Mélisanne graduated with a Masters degree in Environmental Studies at York University. She specializes in environmental education and urban gardening. She moved from Laval, Quebec, to Toronto, Ontario, to take part in the city’s vibrant urban agriculture movement. Along the way, she became fluent in English. (She still talks French to her plants, though.) She has been involved with Fresh City Farms as a Member Farmer for two growing seasons. From planning and planting to maintaining, harvesting, and preserving, small-scale farming is for her an exciting and challenging experience. Every year, she produces a bounty of vegetables that need to be canned over the summer.
Preserving fruits and vegetables, for Mélisanne, is a family tradition. Since childhood, she has especially enjoyed preserving her own strawberries and transforming them into jam with her mom and dad. The smells and tastes of homemade preserves are the best rewards for the labour that goes into making them. She draws from family recipes as well as new ones found online or in books. She also owns a pressure canner, and she’s not afraid to use it! After two seasons of harvesting her own sustainably grown veggies & fruits and canning them along with some of her other favorite locally grown goodies, her pantry is a treasure trove of colourful preserves.
Fresh local flavour is always her goal as long as safety comes first. Mélisanne background in biology and her work as a microbiologist at Saint-Laurent College has giving her a deep understanding the importance of sterilization for neutralizing and keeping away harmful microorganisms. She approaches canning in the kitchen with the same diligence and enthusiasm as she did doing experiments in the lab.
Preserved food is a great convenience and the nostalgic reward that Mélisanne turns to in the depths of winter, when she misses her garden and dreams of the next growing season.

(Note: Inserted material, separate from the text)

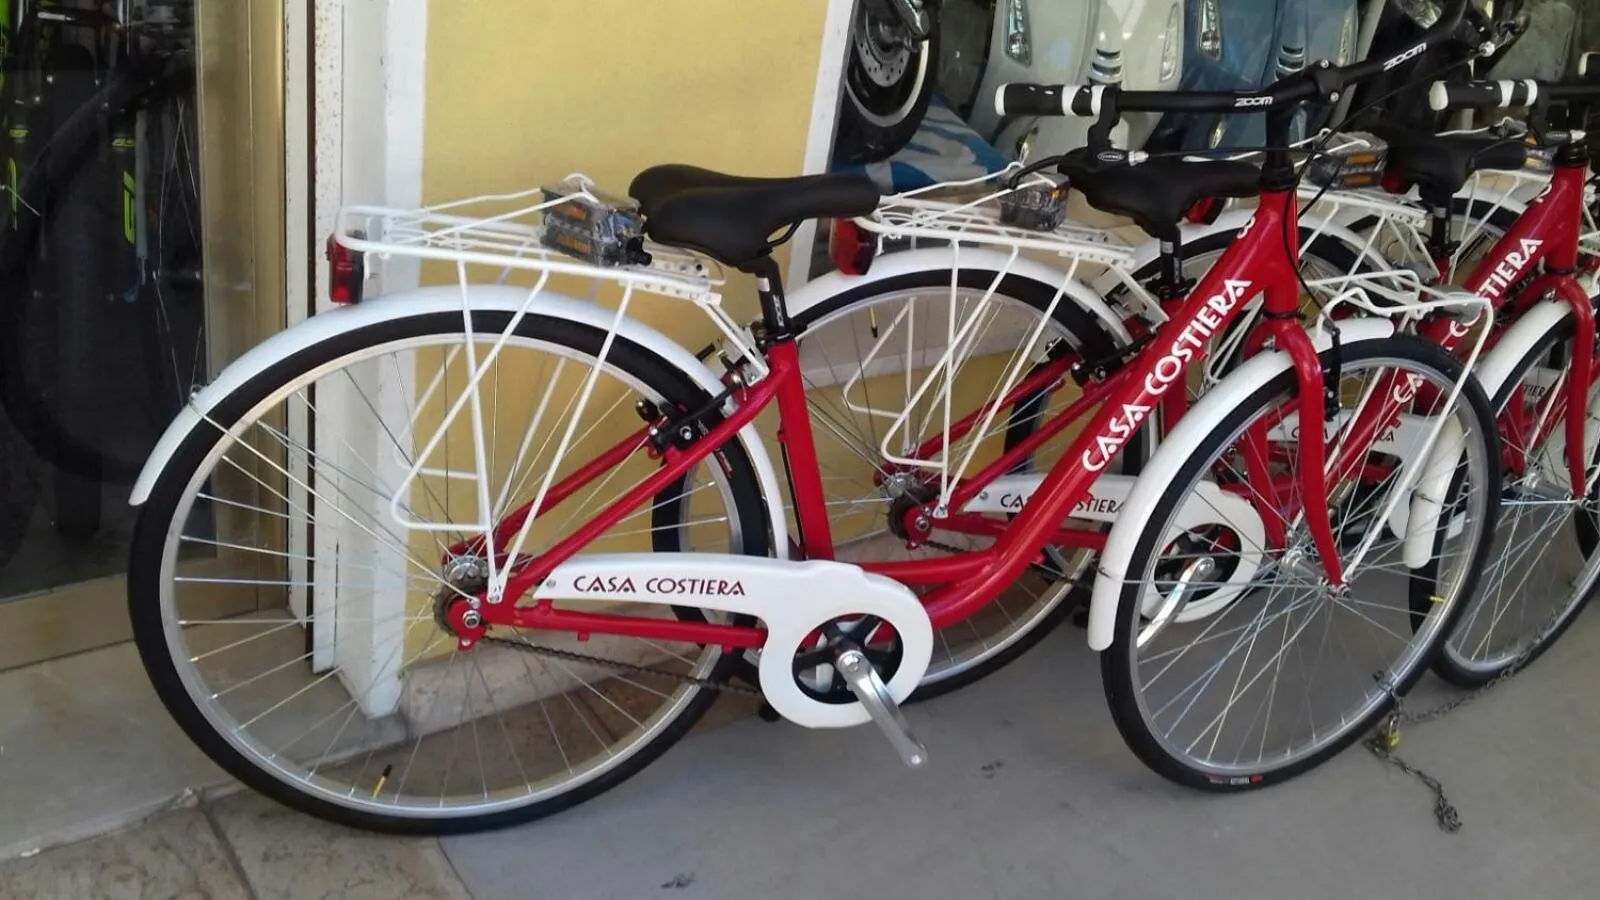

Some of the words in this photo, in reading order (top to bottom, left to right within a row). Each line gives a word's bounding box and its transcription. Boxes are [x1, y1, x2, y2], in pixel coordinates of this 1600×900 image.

Michael was born in the Ukraine and still speaks the language. Growing up in Winnipeg, his interest in food was sparked by early experiences watching his mother and grandmother make perogies and other cultural mainstays the old fashioned way. And having a garden was simply their way of life. As a boy, he never quite understood the connection between that round reddish thing they call a tomato in the grocery store, and the home-grown, misshapen, ruby jewels in their garden that gave up their juices so easily when still warmed by the sun.
Michael went on to graduate with a PhD in English and Cultural Studies at McMaster University. Today he teaches in the English department and the Sustainable Futures Program. As a graduate student, he channeled his interest in food into the very heart of his research. Plunging head-first into the “100-mile diet” for the first full year, he learned how to pickle, ferment, and celebrate the seasons by putting up a variety of preserves. He also completed an internship on an organic farm, learning how to grow food in ways that heals the soil and nourished his soul. To this day, he lovingly tends a jar of sourdough started on that farm that is now almost a decade old.
These experiences form the backbone of his book, The Politics of the Pantry, which explores how the local and sustainable food movement can become the cornerstone of a more rational and sustainable way of life. Recently, Michael also started Common Ground Farm in Hamilton, a teaching farm that has become a “no lawn zone”.
Michael believes that some of our most delicious fermented foods –miso, kimchee, pickles, beer, wine to name a few – emerged out of the necessity to juggle the seasons, accommodate nature’s bounty when it arrives, and plan for her coming cold miserliness. His goal is to help others rediscover the joys of preparing for good old Canadian winters and relearn the art of squirreling away food to share and enjoy another day.
Cindy is fluent in Cantonese and grew up helping her family to tend their traditional backyard garden of vegetables grown from the seeds they saved from the year before. She still loves stepping outside when she visits her parents to hand pick a basket of fresh goodies for dinner that she knows have been grown free of chemicals. In the summer you might find her harvesting rose petals for a cardamom- infused rose petal jelly or picking peaches off her special tree for spiced peach jam (um…yummmm).
One of her favorite pastimes is visiting farmers markets. Scoping out what’s fresh and local inspires her sense of canning creativity. Cindy puts up everything from pickles to sauces & marmalade but if you press her she’ll admit her favourite preserve to prepare is good, not-so-old-fashioned jam. Her pantry is in a constant state of jarring over-capacity giving her plenty of stock for experimenting with new recipes. She loves to bake and uses her own preserves to turn out amazing treats all year long.
Cindy’s left her career in Media and Broadcasting to study culinary arts at George Brown College and pursue a career in food education after volunteering with several community organizations such as West End Food Coop, The Stop, and Not Far From the Tree. These days she gets her digital fix from writing her own food blog. She’s also super pumped about sharing her knowledge about healthy, responsible eating with elementary school kids as a new lunch club coach.